In southern California, the Anaheim City School District, the largest of six districts serving the city, saw its enrollment drop 4 percent this year over last, the second consecutive annual decline. The district had seen such a rapid rise in enrollment through the 1990s that its 24 schools had to shift to a year-round program to educate its mostly Latino student body. The enrollment drop allowed the district this year to take 17 schools off the year-round track.

"We've worked with a demographer," says Suzi Brown, director of communications for the Anaheim City School District. "Our birth rates have declined a bit, but it's also people who can't afford to live in southern California. We're transferring a lot [of former students] to Riverside [County and] San Bernardino County, which has less costly housing ... and a lot to Arizona."
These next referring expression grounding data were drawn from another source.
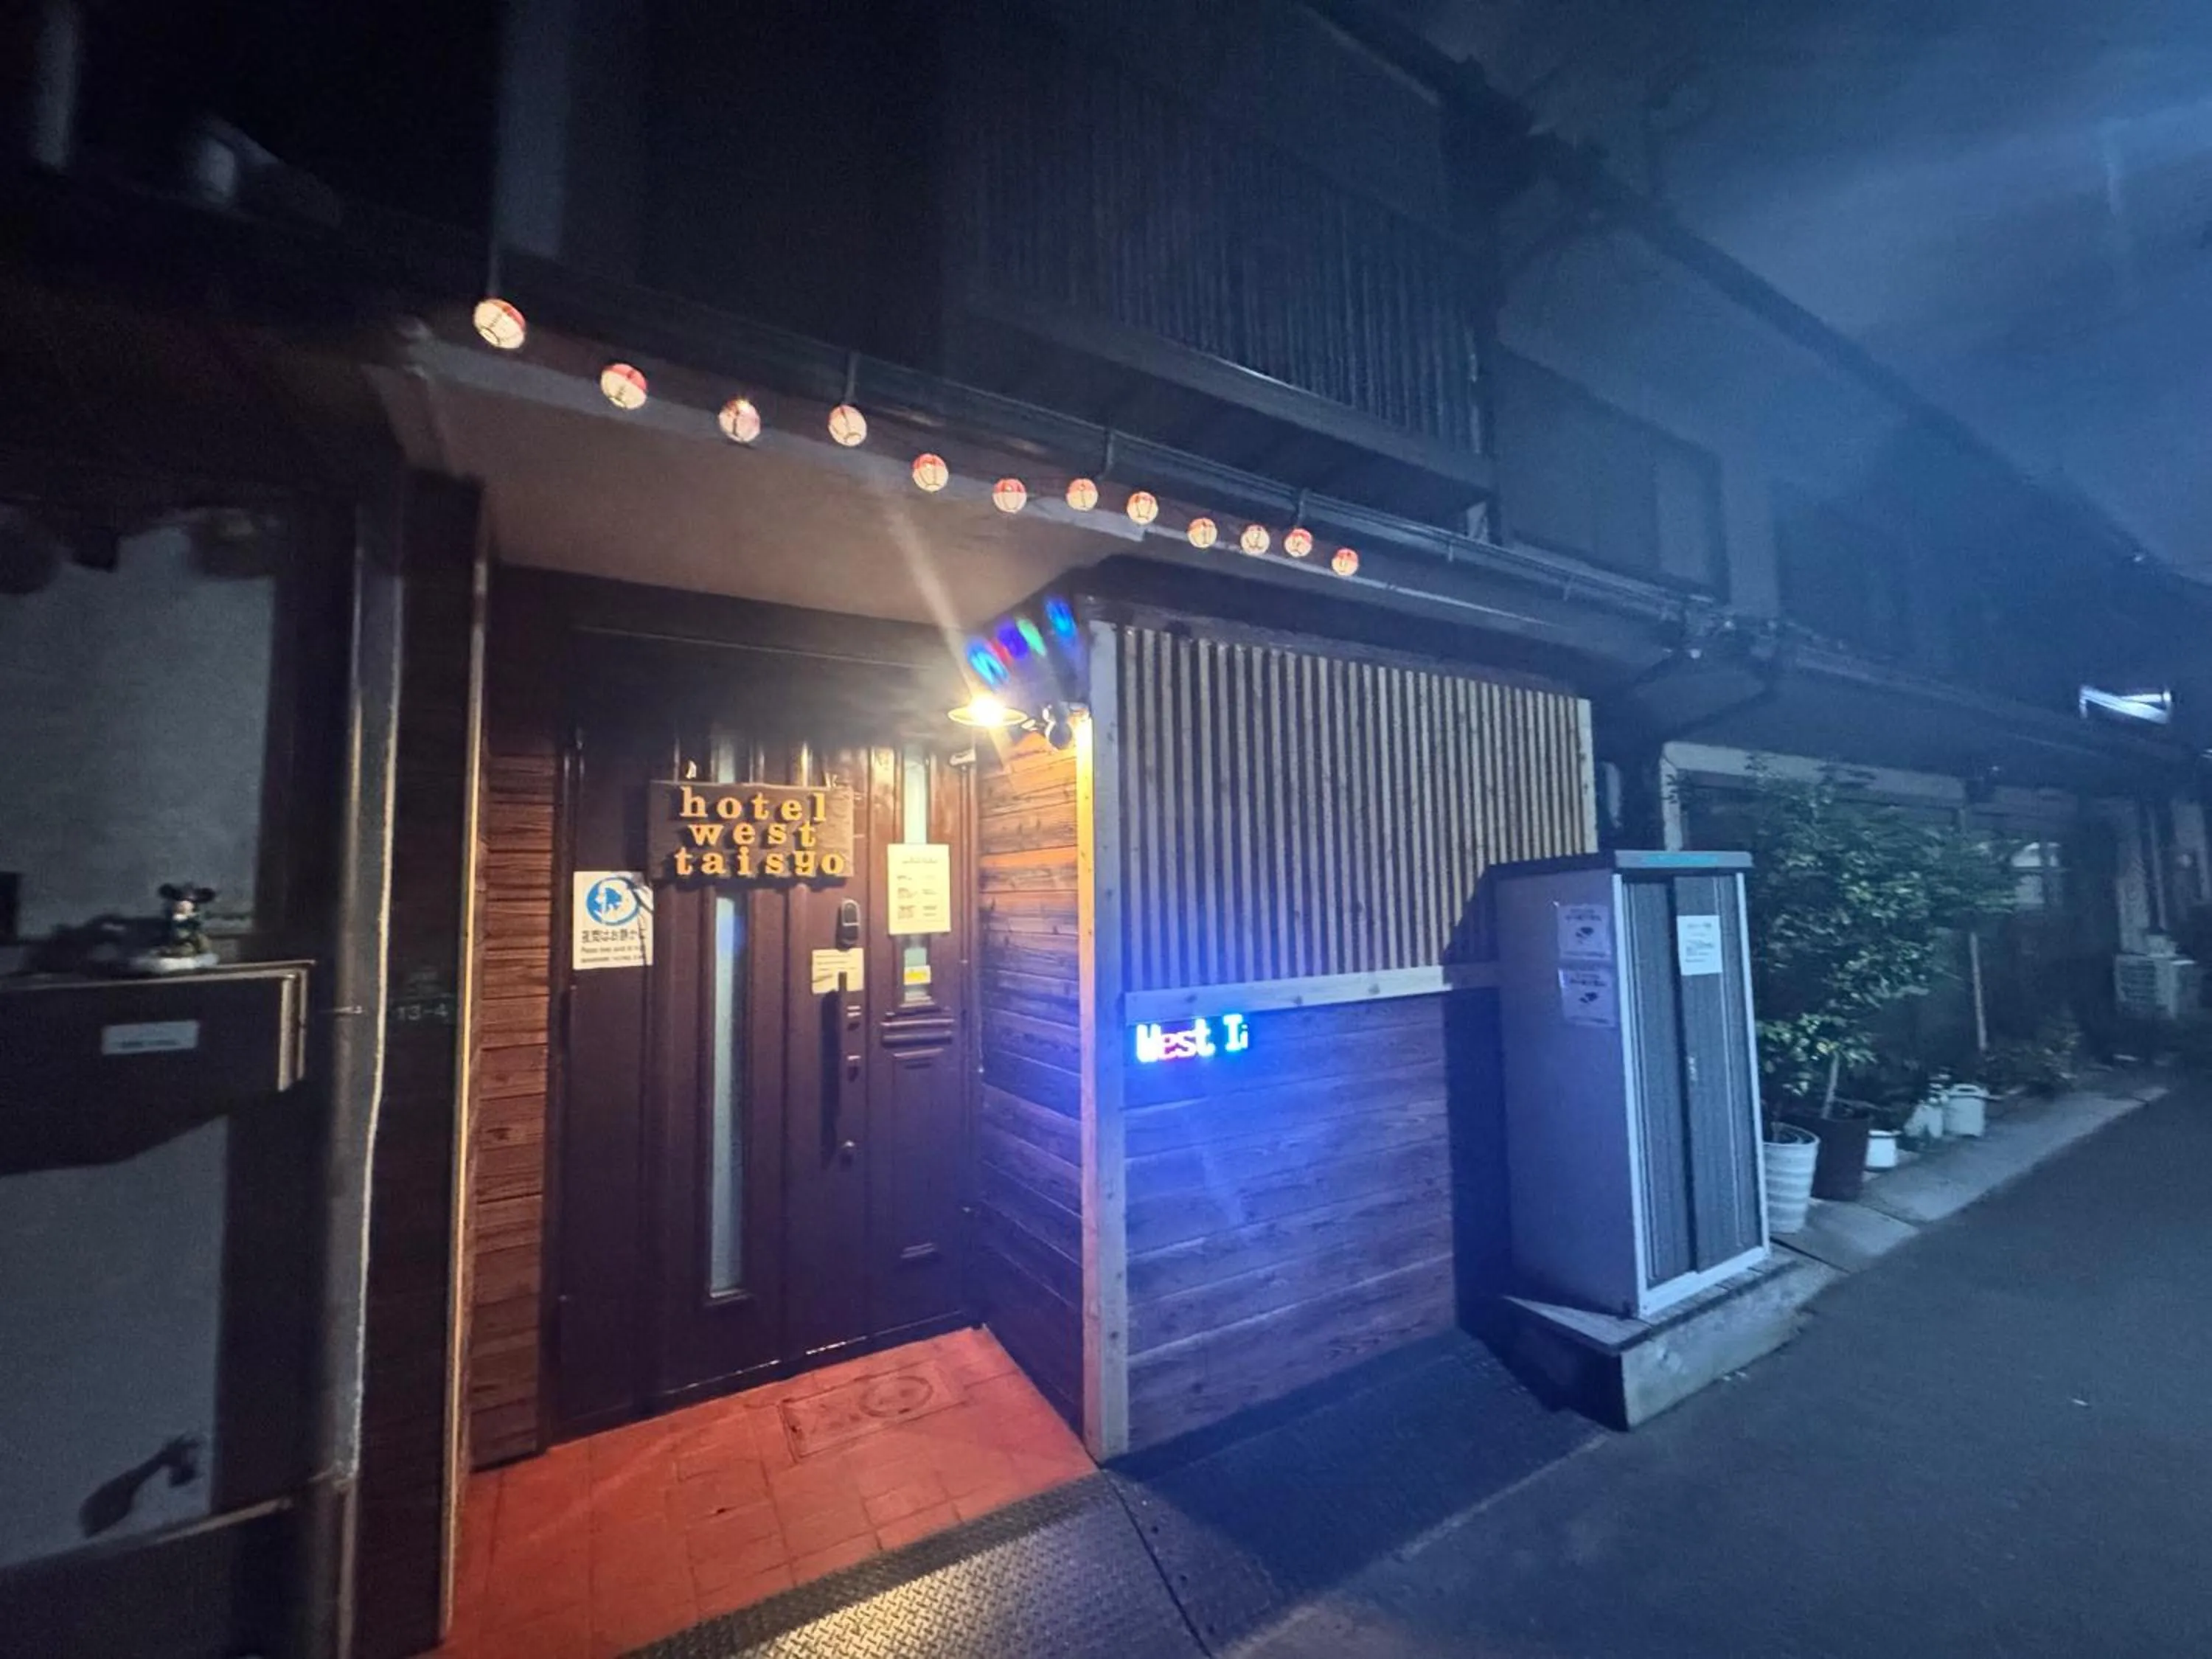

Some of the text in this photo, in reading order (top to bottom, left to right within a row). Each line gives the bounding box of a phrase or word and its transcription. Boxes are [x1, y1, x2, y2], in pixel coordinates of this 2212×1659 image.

[680, 786, 826, 821] hotel
[687, 820, 816, 847] west
[675, 846, 845, 877] taisyo
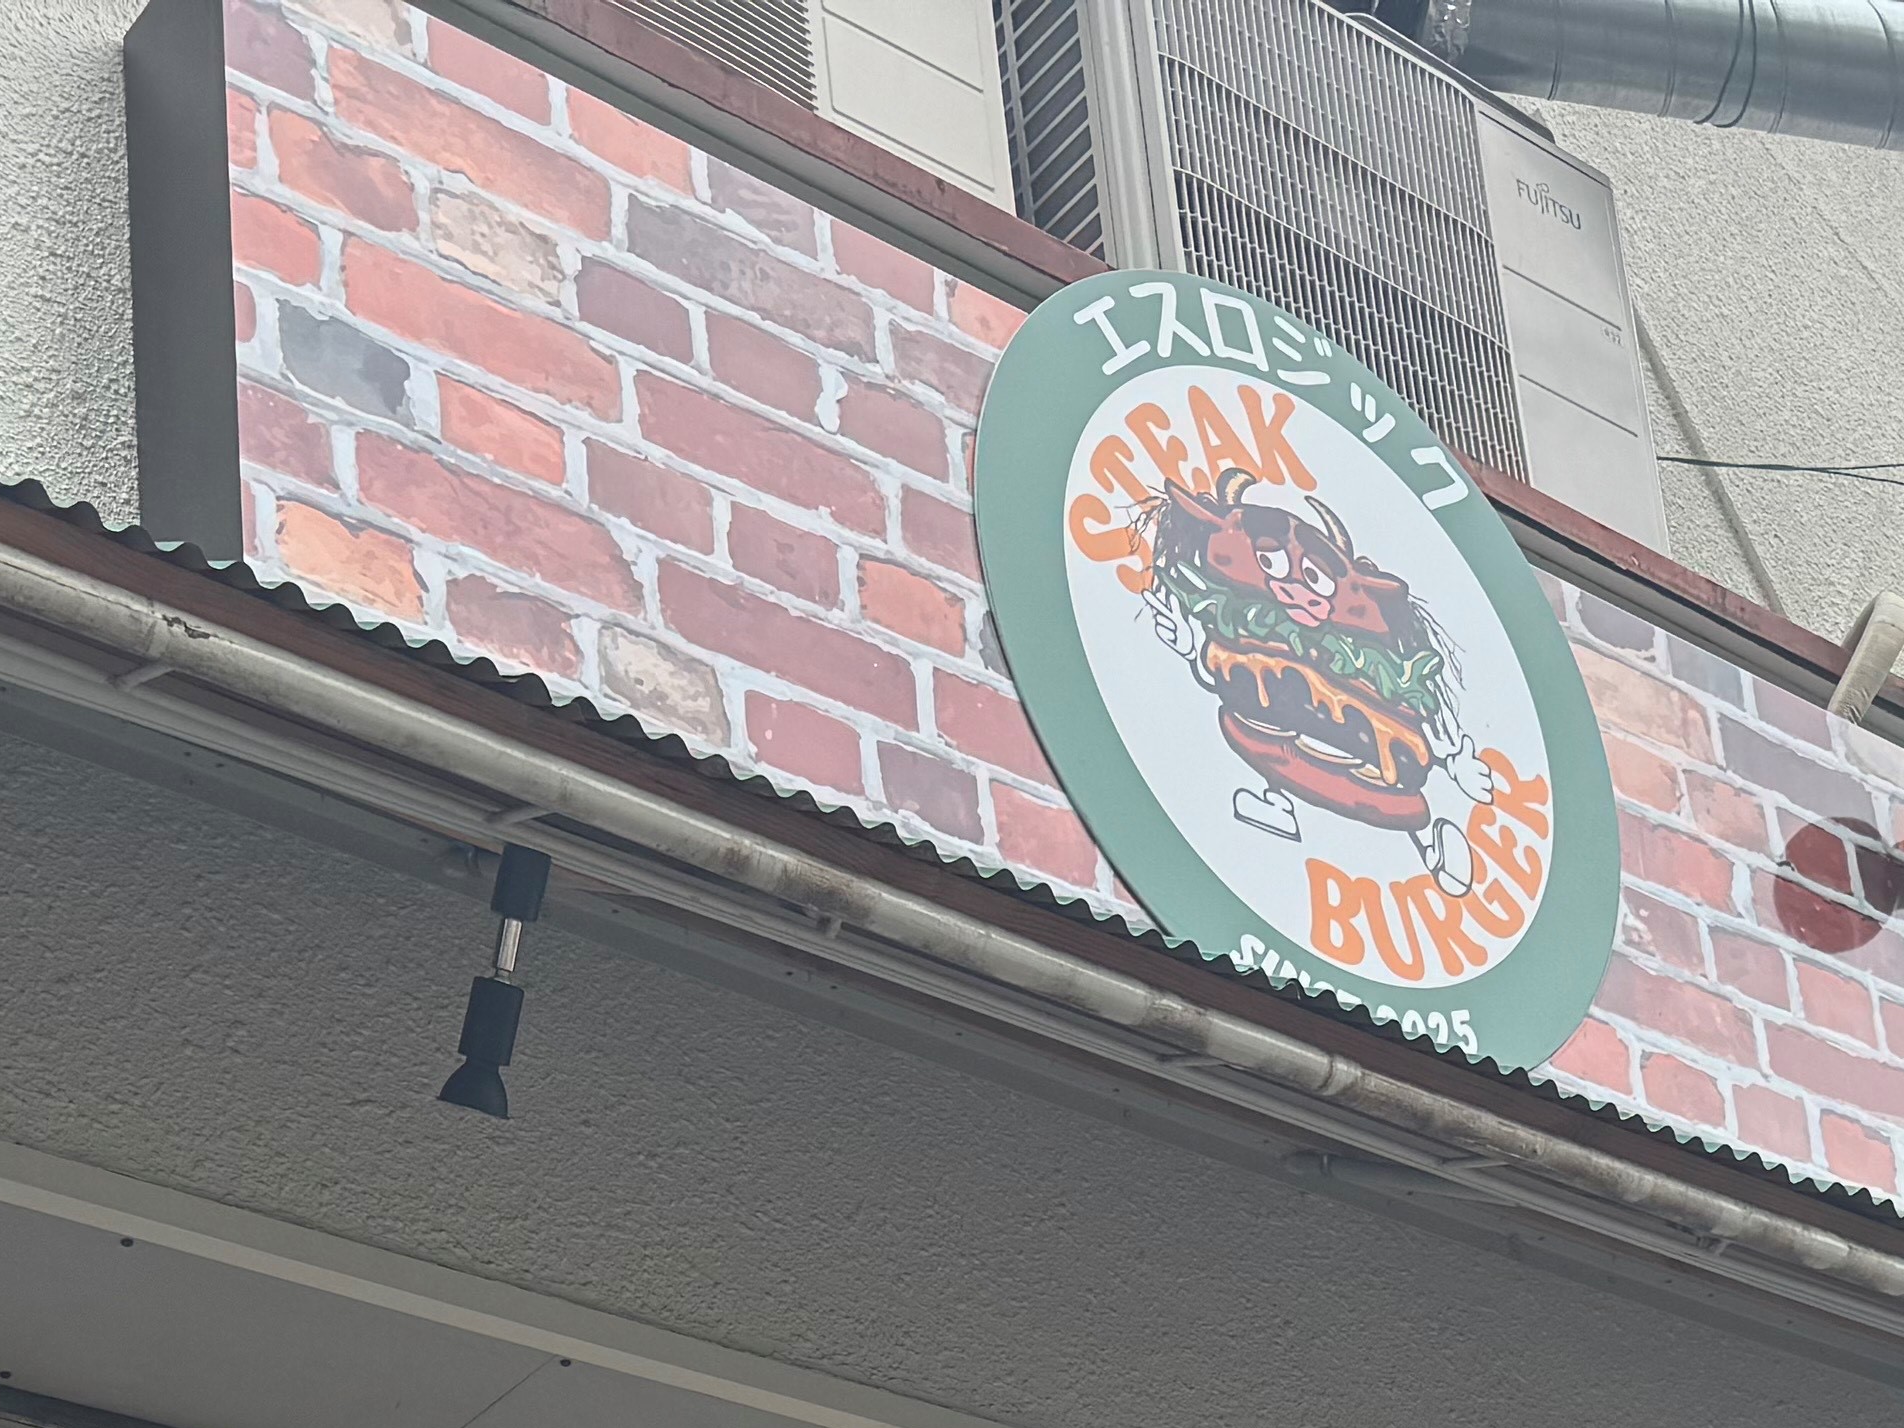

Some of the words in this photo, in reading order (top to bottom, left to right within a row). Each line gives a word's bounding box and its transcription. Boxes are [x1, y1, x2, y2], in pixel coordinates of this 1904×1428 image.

[1516, 179, 1582, 230] FUJITSU
[1068, 384, 1318, 594] STEAK
[1072, 281, 1470, 510] エスロジック
[1305, 747, 1554, 982] BURGER
In Texas, Harlandale Independent School District in San Antonio has lost nearly 200 students – or 1.3 percent of the total – this year, according to spokesman Pete Barcenez.

"I don't think this is a coincidence," says Joe Vail, director of the Immigration Law Clinic at the University of Houston, of the many reports of lower enrollment. "I think people are fleeing the state and local ordinances that have been putting pressure on local immigrant communities."

The anecdotal evidence is that immigrant families are feeling that pressure. Last week, sheriff's deputies in New Mexico's Otero County nabbed several illegal immigrants and then accompanied them to local schools to pick up their children, says Art Ruiloba, communications coordinator for the Gadsden Independent School District in Sunland, N.M.

"Otero County sheriff's deputies ... picked up a handful of parents, brought them to our schools, and the parents asked to remove the kids from school because the parents or legal guardians were being deported," Mr. Ruiloba says. Six children were removed from the schools to go with their parents. Several other parents have phoned in since then, expressing concern that law-enforcement officials will show up the school to remove undocumented children. Some said they weren't bringing their kids to school for the time being, he says.

It's too soon to have numbers indicating what impact this latest removal of children from the schools has had, Ruiloba says, but "there's an impact of some sort."